C/C++

Measuring Parallel Performance: Optimizing a Concurrent Queue

By Herb Sutter, December 01, 2008

When it comes to scalability and concurrency, more is always better.

Example 3: Reducing Head Contention

In Examples 1 and 2, the producer was responsible for lazily removing the nodes consumed since the last call to Produce. But that's bad for performance for several reasons, notably because it forces a producer to touch both ends of the queue—and every thread that uses the queue, whether producer or consumer, has to touch the queue's head end. Even though a producer and a consumer don't use the same spinlocks and so can run fully concurrently with respect to each other, the fact that they touch the same memory inherently adds invisible contention, as updates to the memory containing the head nodes have to be propagated to all threads on other cores, not just to consumer threads that naturally have to touch the head end to do their work.

In Example 3, we'll let each consumer be responsible for trimming the node it consumed (which it was touching anyway) and this gives better locality.
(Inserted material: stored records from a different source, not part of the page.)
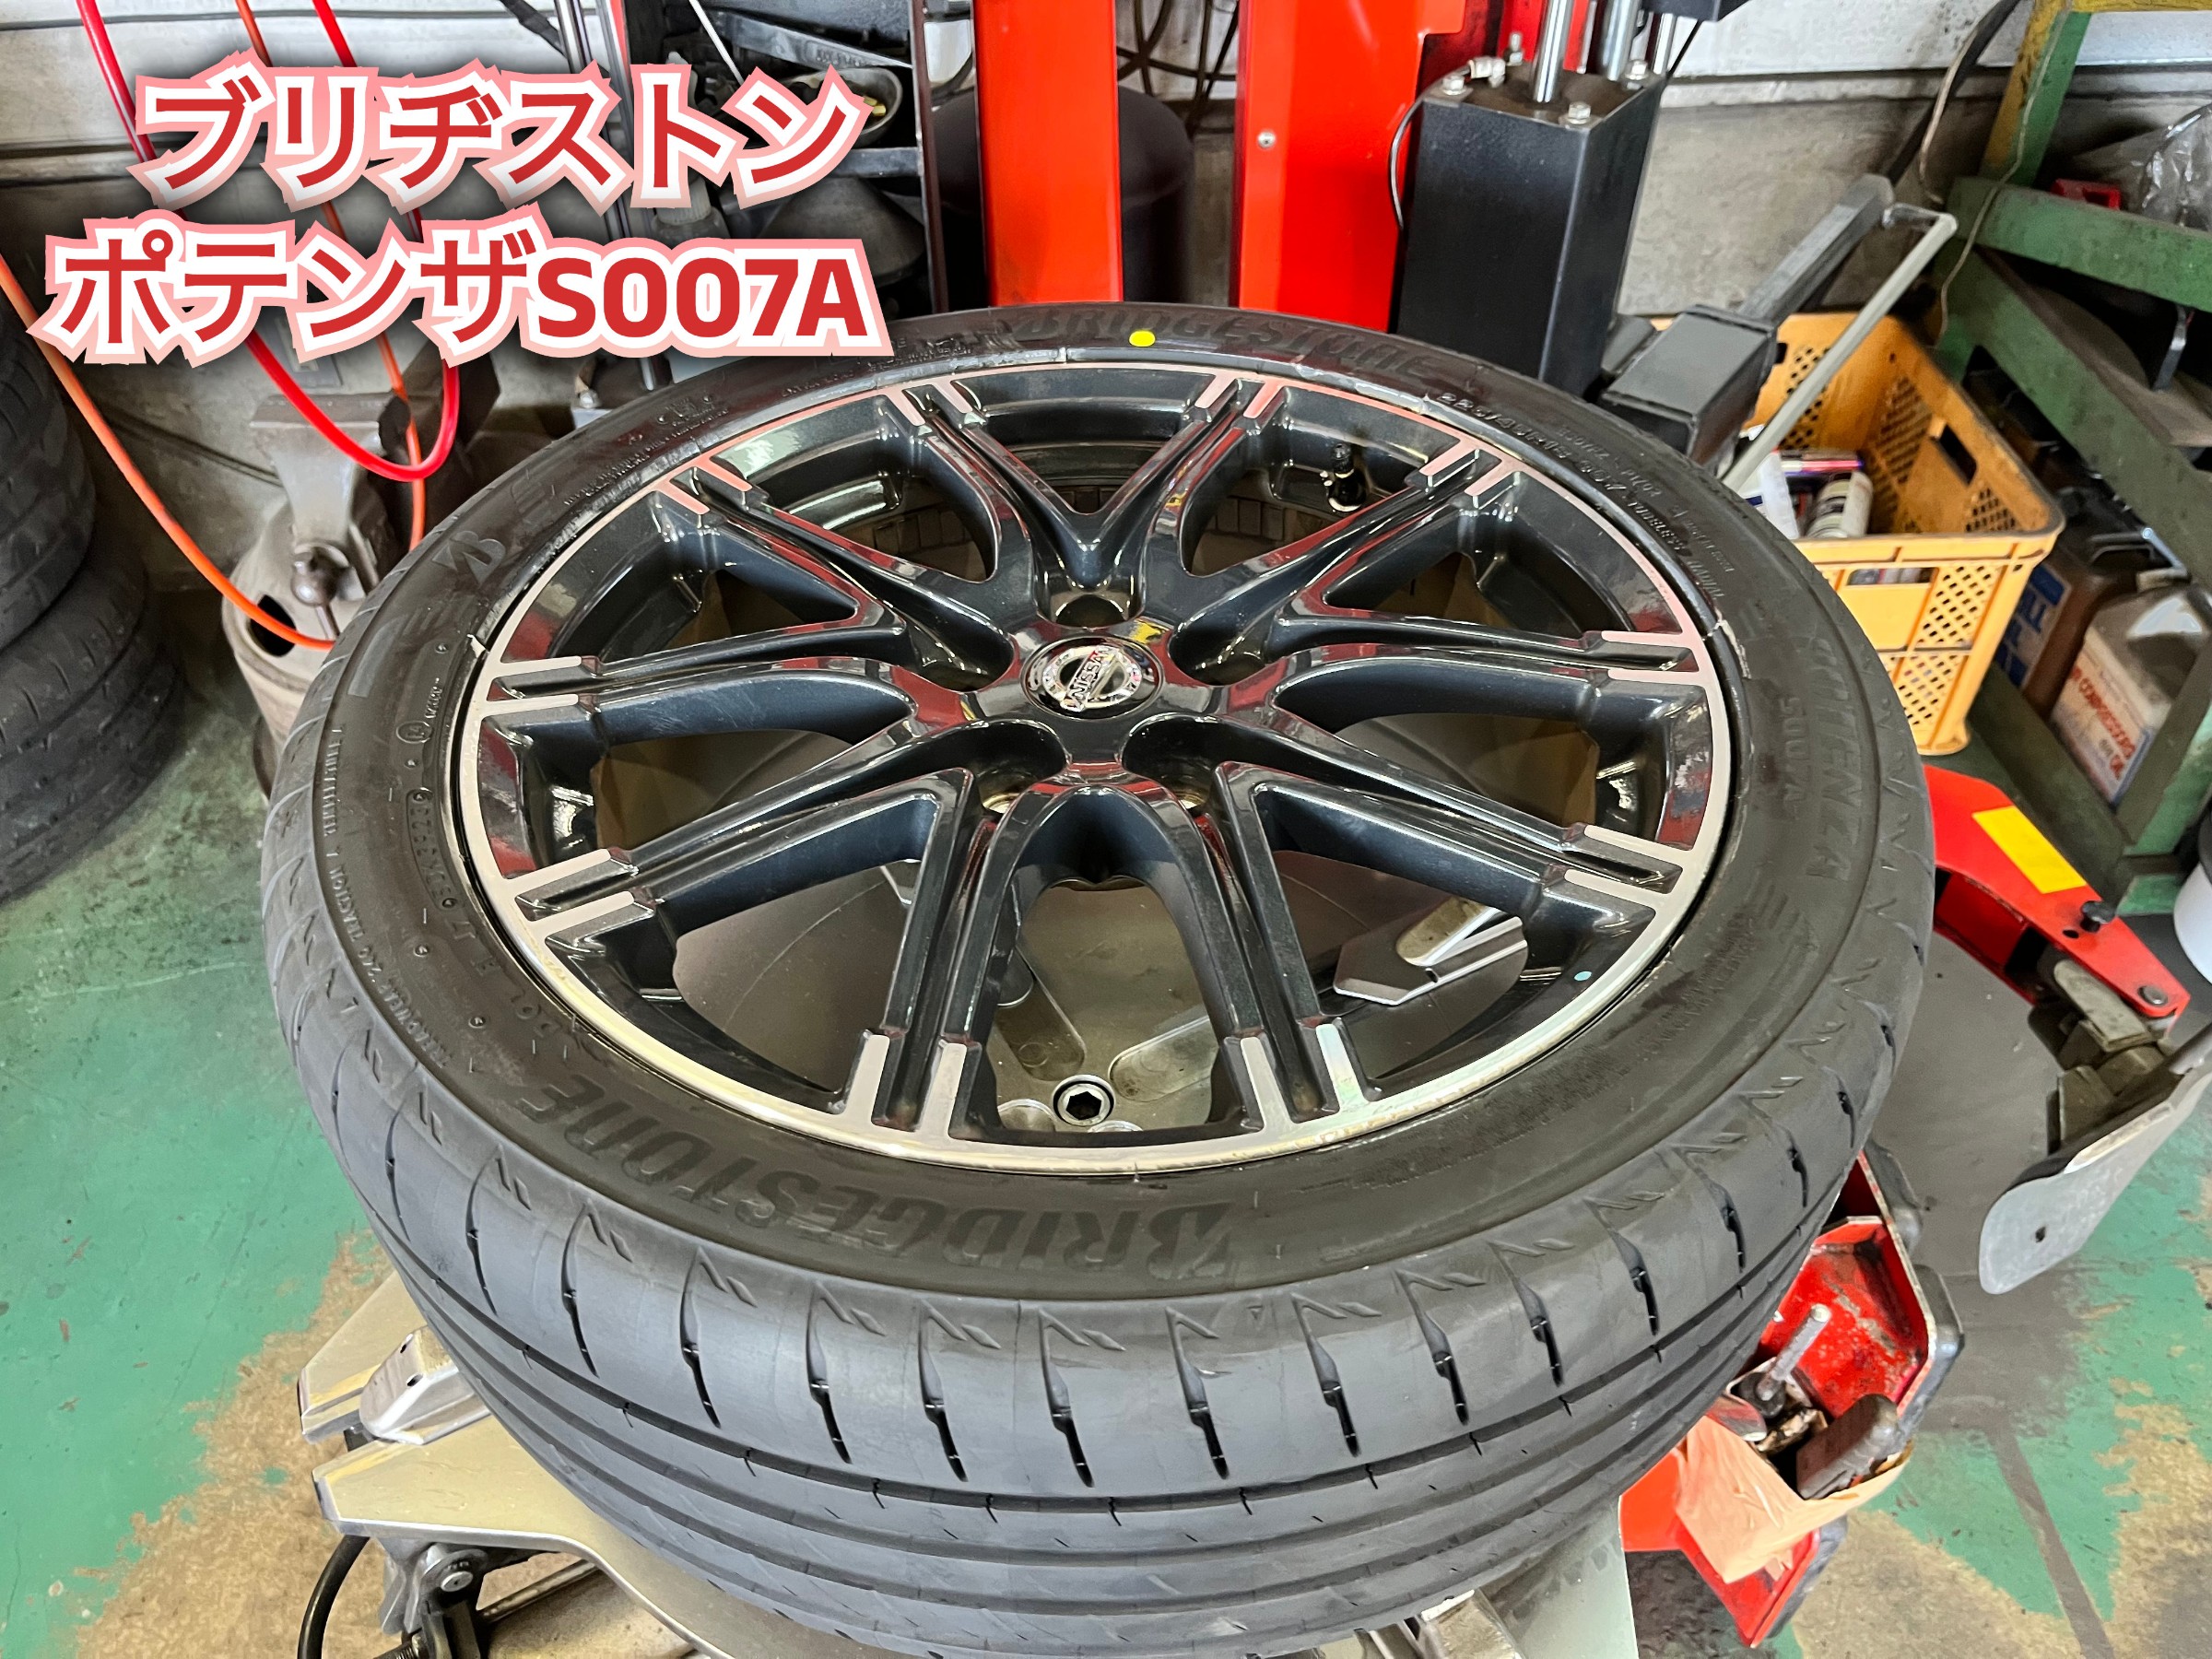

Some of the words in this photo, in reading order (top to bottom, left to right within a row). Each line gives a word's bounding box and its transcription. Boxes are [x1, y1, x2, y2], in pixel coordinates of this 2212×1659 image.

[1014, 306, 1436, 376] BRIDGESTONE
[1069, 645, 1111, 701] NISSAN
[328, 866, 365, 943] TRACTION
[377, 982, 450, 1069] TREADWEAR
[517, 1074, 1231, 1282] BRIDGESTONE
The first thing we notice is that we can get rid of divider—itself a source of contention because it was used by both consumers and producers:


// Example 3 (diffs from Example 2):
// Moving cleanup to the consumer
//
  LowLockQueue() {
    first = last = new Node( nullptr ); // no more divider
    producerLock = consumerLock =        false;
  }

Consume now doesn't need to deal with divider, but must add the work to clean up the previous now-unneeded first dummy node when it consumes an item:


bool Consume( T& result ) {
  while( consumerLock.exchange(true) ) 
    { }	// acquire exclusivity

  if( first->next != nullptr ) { 	// if queue is nonempty
    Node* oldFirst = first;
    first = first->next;
    T* value = first->value;	 	// take it out
    first->value = nullptr;	 	// of the Node
    consumerLock = false;	 	// release exclusivity

    result = *value;		 	// now copy it back
    delete value;		 	// and clean up
    delete oldFirst;		 	// both allocations
    return true;		 	// and report success
  }

  consumerLock = false;	 	// release exclusivity
  return false;		 	// queue was empty
}

Next, Produce becomes simpler because we can eliminate the lazy cleanup code. However, just eliminating that code leads to a very subtle pitfall because one existing line also has to change. Can you see why?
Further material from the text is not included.